As always, thanks for reading! 

BONUS: Artificial insemination: Another point I really want to discuss, is how farmers breed cattle. Something that upsets me a lot is when people call the AI (artificial insemination) chute a “rape rack”. Let’s discuss the process of artificial insemination. Farmers or farmhands extract semen from bulls. There’s a ‘breeding dummy’ he mounts, a farm hand puts a tube down that he ejaculates into, and that’s it for the bull. He does this every couple of days, and absolutely runs to the dummy every chance he gets. It’s enjoyable for him, and by no means, is it rape.
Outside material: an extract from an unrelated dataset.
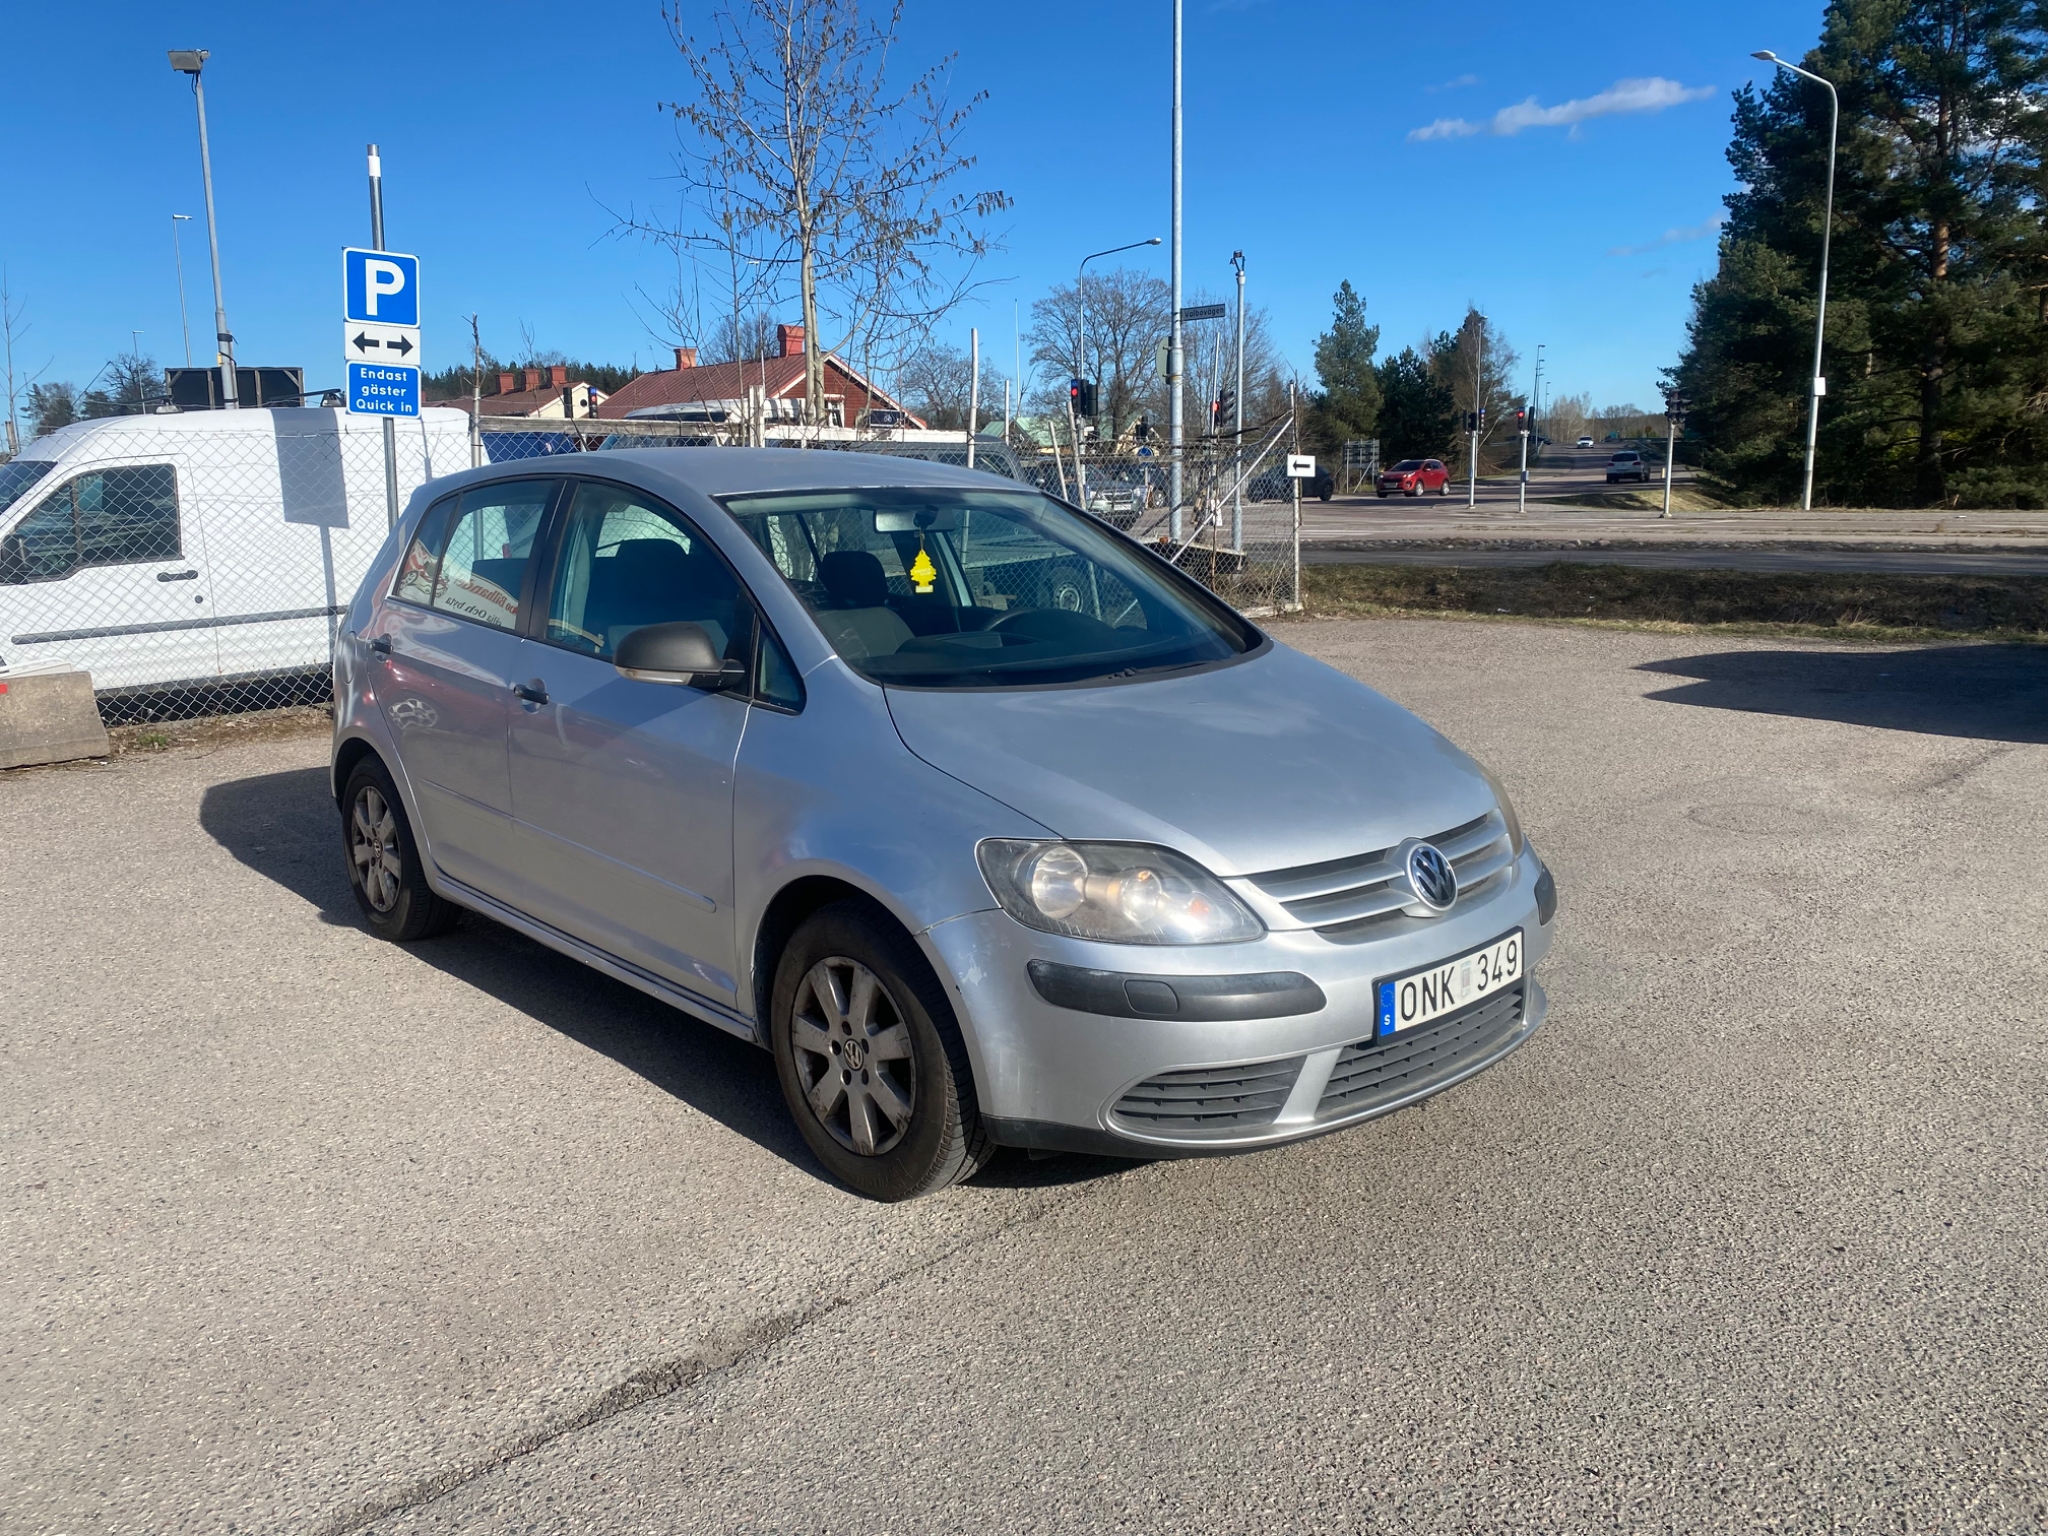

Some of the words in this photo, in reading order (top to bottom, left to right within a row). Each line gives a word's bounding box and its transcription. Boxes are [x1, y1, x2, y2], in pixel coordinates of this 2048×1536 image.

This semen is then put into a spinner, and divided into up to 10 bottles for 10 cows, depending on how high his sperm count is. Breeding cows are then put into AI chutes, and there’s a syringe with a tube attached that injects the semen into the uterus. This isn’t rape. The cow is ‘in heat’ when this happens, meaning she ovulating, and wants to breed. She usually pushes back on the syringe when you do this. I know this all seems disgusting (which, it’s not a fun job) but it’s so much more humane than turning an excited bull out with a cow, where he puts his full weight on her, and sometimes rips his cow’s uterus in the process of breeding. If that happens, a vet must do stitches, and the farmer must worry and prevent her from getting infections.